Parents Say Lincoln High Students Set up for Failure with College-Prep Program - NBC 7 San Diego

Parents Say Lincoln High Students Set up for Failure with College-Prep Program

Out of 66 students who had enrolled in a college class during the fall semester, only 17 passed

    processing...

    NEWSLETTERS

    One parents called the program a deliberate attempt to bring down students enrolled in it. NBC 7's Rory Devine has more details behind a college-prep program that only saw 17 of its 66 students pass. (Published Friday, Feb. 3, 2017)

    Parents of a local high school claim their kids had been set up for failure in a college-prep program after more than half of the students fail the courses.

    The San Diego Unified School District (SDUSD) launched the STEAM Middle College program two years ago. It was designed to give students at Lincoln High School access to college classes at San Diego City College and help reverse the declining enrollment rate.

    But according to parents, the program did just the opposite.

    Out of 66 students who had enrolled in a college class during the fall semester, only 17 passed.

    Parents gathered at a school board meeting on Jan. 24, saying that the district is letting their kids down.

    "We can all stand around and be stoic about this and not be bothered but this was a deliberate attempt to fail the students at Lincoln High," one parent said. 

    According to Mario Koran, from NBC 7's media partner Voice of San Diego, the STEAM Middle College Program saw some changes leading up to the fall semester.

    Koran said in past years, students had the option to chose between Psychology, Hispanic Studies or a Personal Growth class. This fall semester, they were only offered the choice of remedial math.

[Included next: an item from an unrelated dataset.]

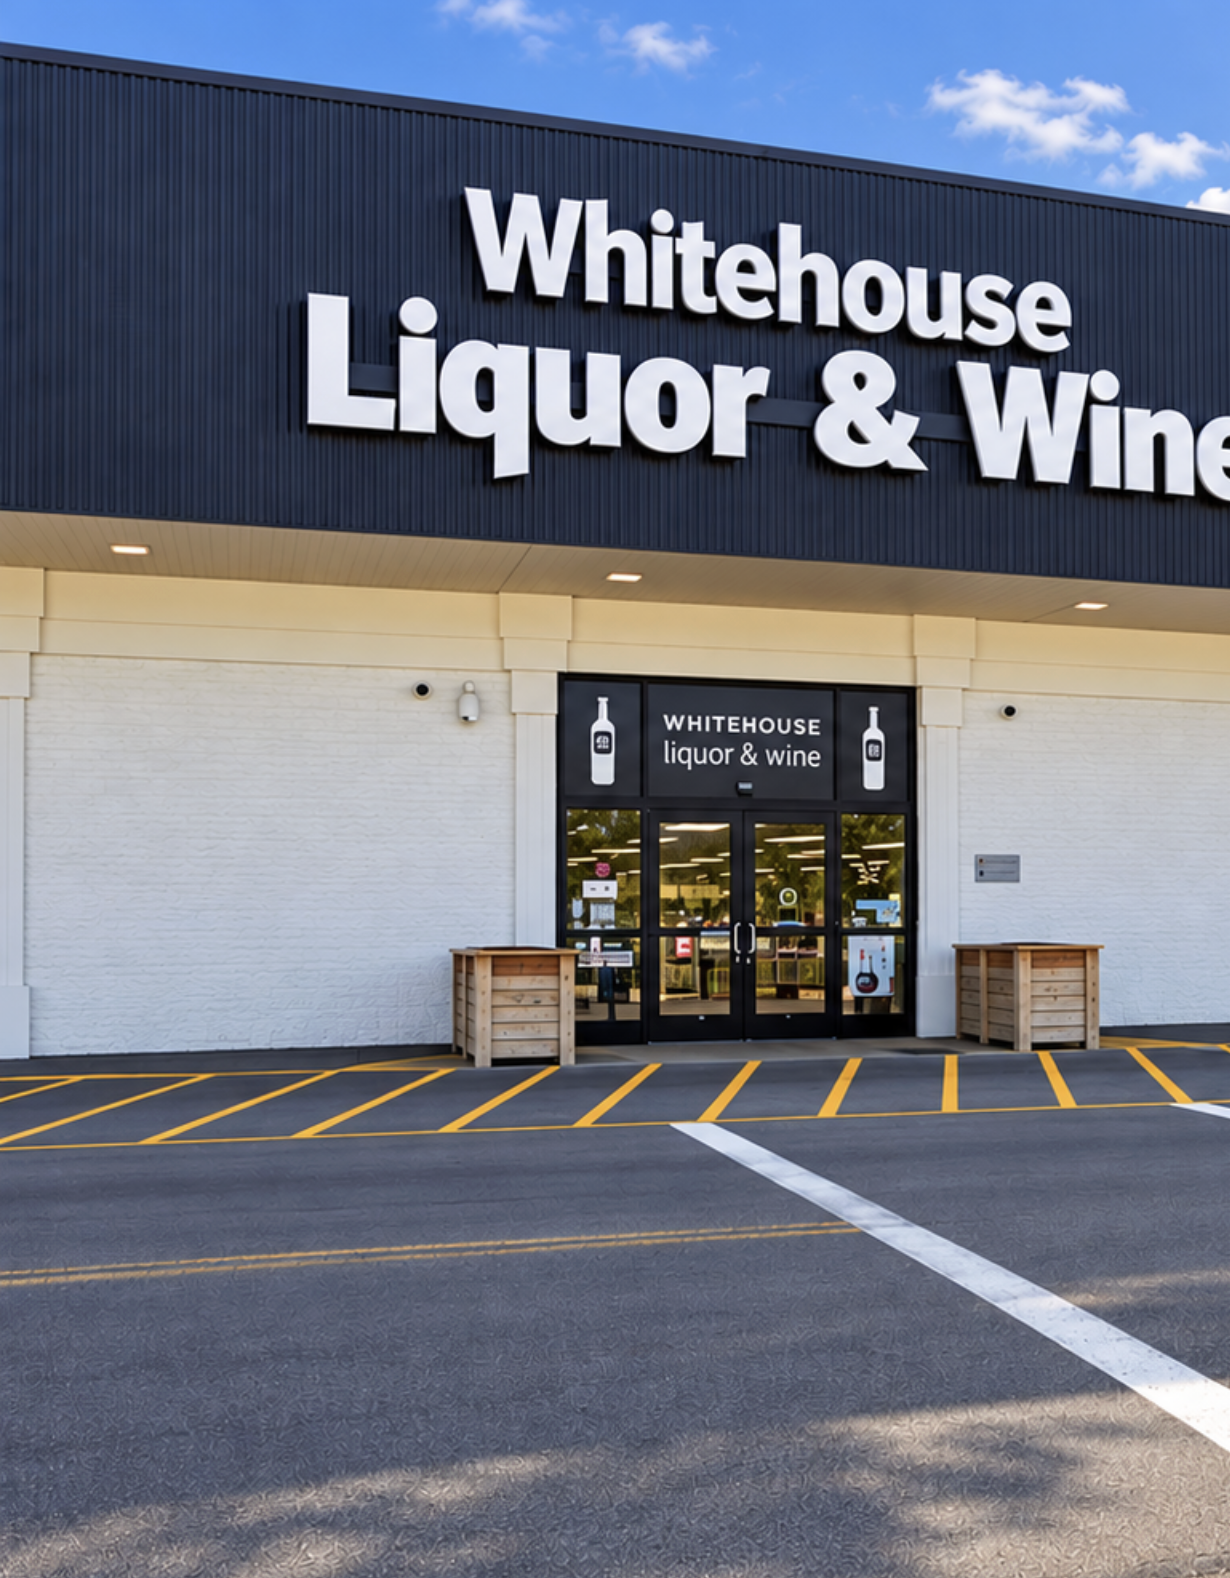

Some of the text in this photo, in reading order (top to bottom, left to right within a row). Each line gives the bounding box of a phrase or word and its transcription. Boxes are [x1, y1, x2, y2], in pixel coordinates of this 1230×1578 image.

    "All the students who had signed up for college classes, all of them were routed into the math class...whether they had asked for it or not," Koran told NBC 7.

    But Board Member Sharon Whitehurst-Payne said the school district had been attempting to make the program more economical. She added that it was also for students to get finish a required class.

    "Whenever a college class does not have enough students in it, we have to subsidize it," Whitehurst-Payne said.

    Parents argued students did not receive any support and there was no communication or intervention from the school.

    "They knew 80 percent of the children failed that class and nothing was done," a parent said.

    Whitehurst-Payne said the school should have monitored students even after the midterm but added that it was lesson to be learned from.

    "For everybody, for the students, for the district--and I'm not going to say those children did not gain something from that experience," she said. "The second time around, they will do much better because they'll understand that math next time, right?" 

    She said SDUSD will not offer only one course next time. The district has also worked out a plan to change the failing grades to a W, indicating that students had withdrawn from the class. 

    The students will still have to take the course again if they want to earn credits.

    But parents worry that this could impact the students' graduation requirements or even hinder them from getting accepted into colleges.